## TASK BRIEF
Write out the full listing exactly as given, minus the images.
=== Section Start ===
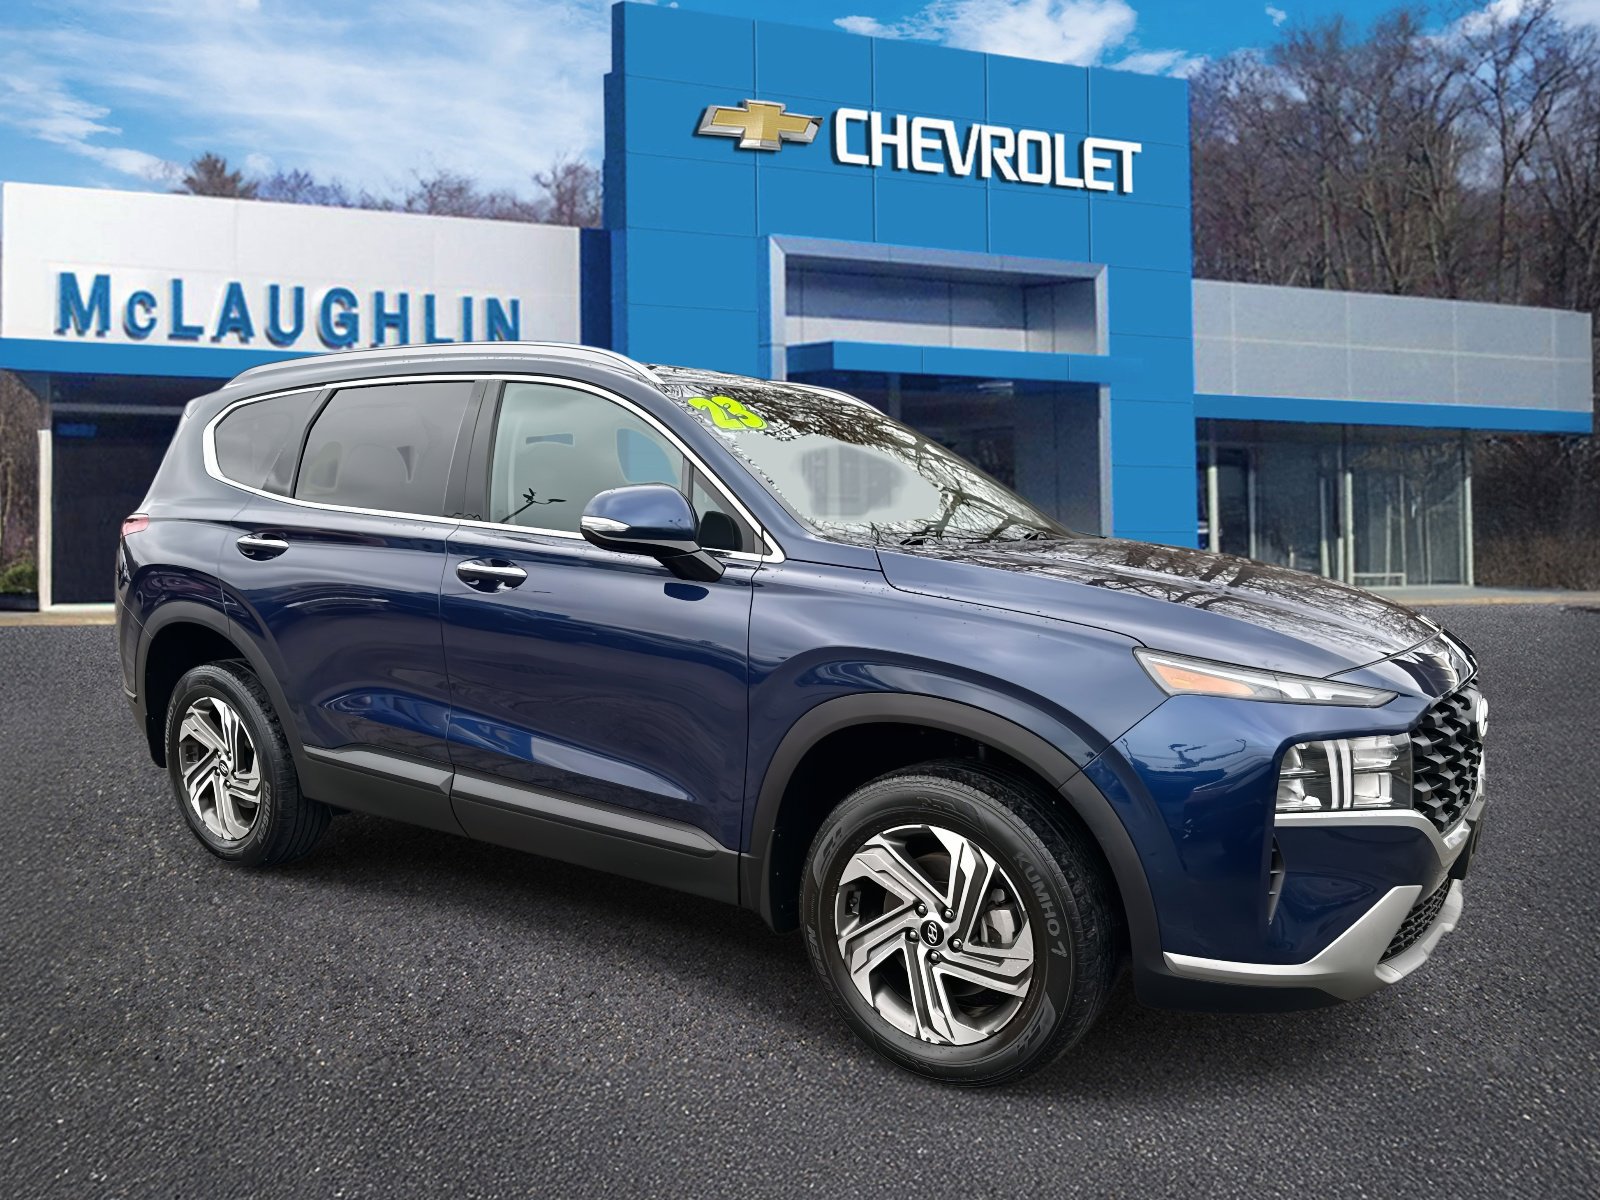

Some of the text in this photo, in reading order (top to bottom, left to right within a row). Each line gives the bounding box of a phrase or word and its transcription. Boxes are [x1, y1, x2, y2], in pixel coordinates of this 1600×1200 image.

[834, 107, 1142, 194] CHEVROLET
[56, 271, 522, 347] McLAUGHLIN
[687, 395, 768, 430] 23
[1013, 852, 1061, 937] KUMHO
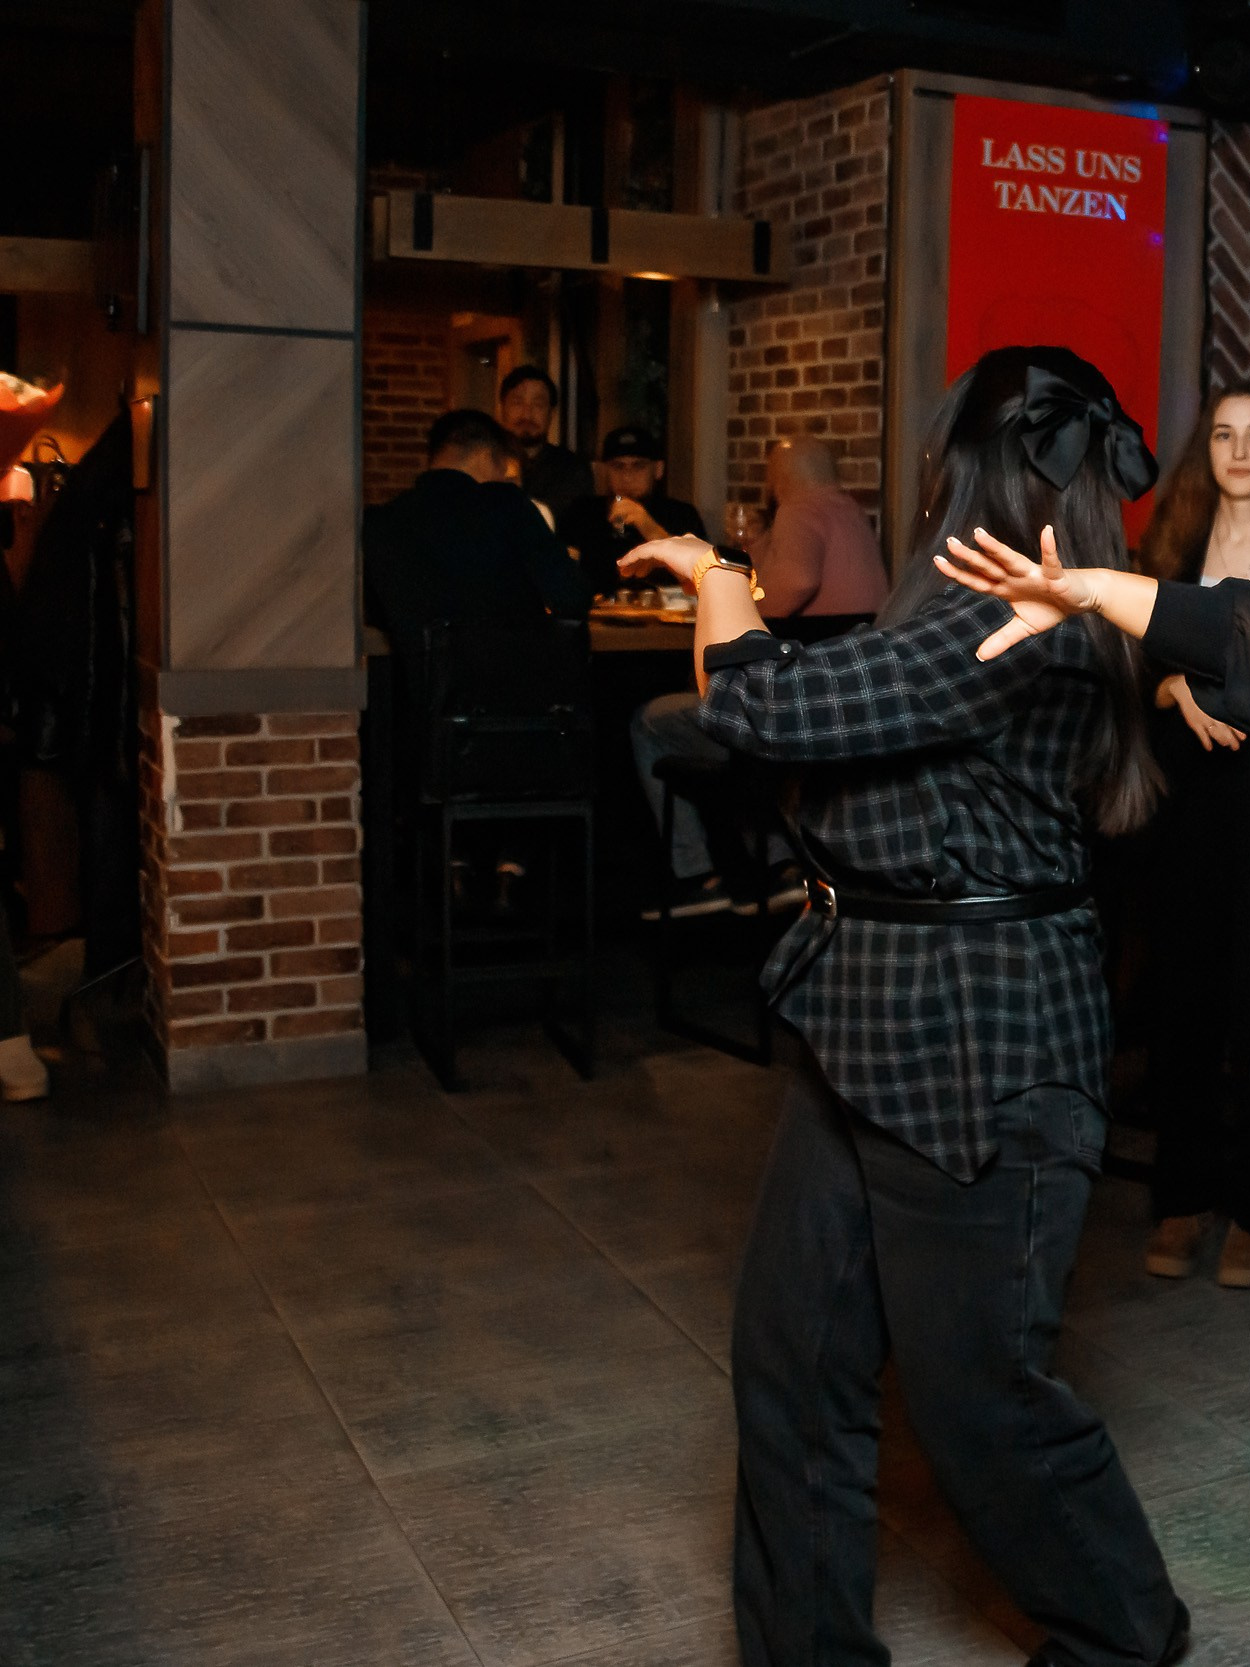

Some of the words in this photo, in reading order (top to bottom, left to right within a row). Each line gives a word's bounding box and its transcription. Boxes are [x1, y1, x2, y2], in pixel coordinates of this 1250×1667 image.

[982, 138, 1066, 174] LASS
[1076, 150, 1142, 183] UNS
[994, 181, 1128, 221] TANZEN
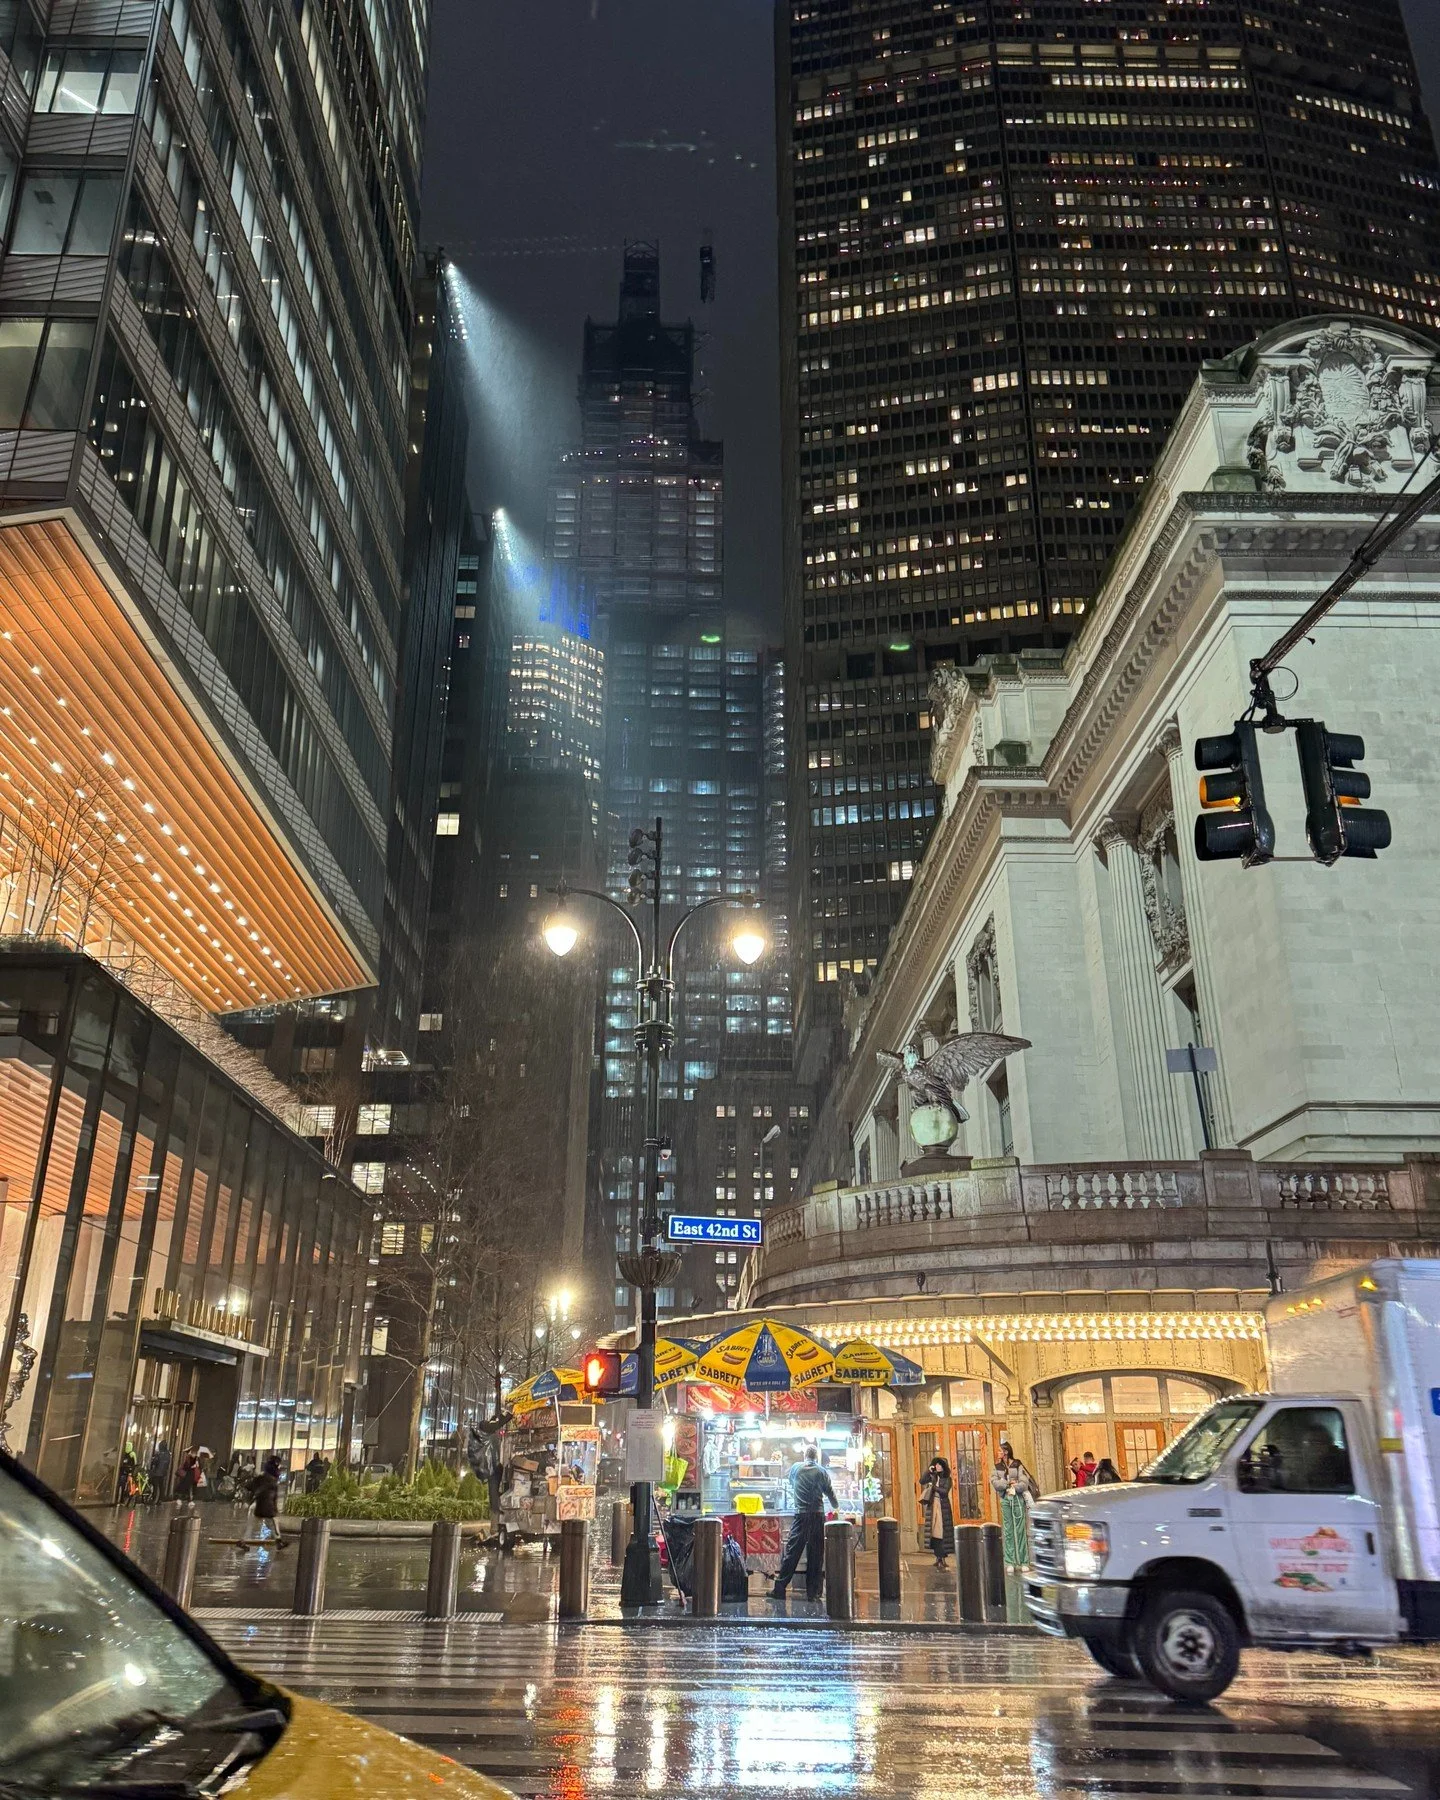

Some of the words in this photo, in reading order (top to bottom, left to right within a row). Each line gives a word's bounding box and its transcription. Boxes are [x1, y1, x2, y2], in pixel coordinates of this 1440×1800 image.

[673, 1221, 704, 1236] East
[706, 1223, 739, 1237] 42nd
[742, 1224, 757, 1239] St
[155, 1287, 181, 1320] ONE
[716, 1345, 751, 1354] SABRETT
[785, 1339, 809, 1359] SABRETT
[842, 1351, 878, 1360] SABRETT
[654, 1361, 697, 1383] ABRETT
[700, 1365, 742, 1387] SABRETT
[794, 1361, 835, 1385] SABRETT
[835, 1369, 890, 1380] SABRETT
=== Section End ===
## WRITTEN RESPONSE
Some of the text in this photo, in reading order (top to bottom, left to right within a row). Each line gives the bounding box of a phrase or word and its transcription. Boxes are [x1, y1, x2, y2], in pixel coordinates of this 1600×1200 image.

[834, 107, 1142, 194] CHEVROLET
[56, 271, 522, 347] McLAUGHLIN
[687, 395, 768, 430] 23
[1013, 852, 1061, 937] KUMHO

Some of the words in this photo, in reading order (top to bottom, left to right within a row). Each line gives a word's bounding box and its transcription. Boxes are [x1, y1, x2, y2], in pixel coordinates of this 1250×1667 image.

[982, 138, 1066, 174] LASS
[1076, 150, 1142, 183] UNS
[994, 181, 1128, 221] TANZEN

Some of the words in this photo, in reading order (top to bottom, left to right within a row). Each line gives a word's bounding box and its transcription. Boxes are [x1, y1, x2, y2], in pixel coordinates of this 1440×1800 image.

[673, 1221, 704, 1236] East
[706, 1223, 739, 1237] 42nd
[742, 1224, 757, 1239] St
[155, 1287, 181, 1320] ONE
[716, 1345, 751, 1354] SABRETT
[785, 1339, 809, 1359] SABRETT
[842, 1351, 878, 1360] SABRETT
[654, 1361, 697, 1383] ABRETT
[700, 1365, 742, 1387] SABRETT
[794, 1361, 835, 1385] SABRETT
[835, 1369, 890, 1380] SABRETT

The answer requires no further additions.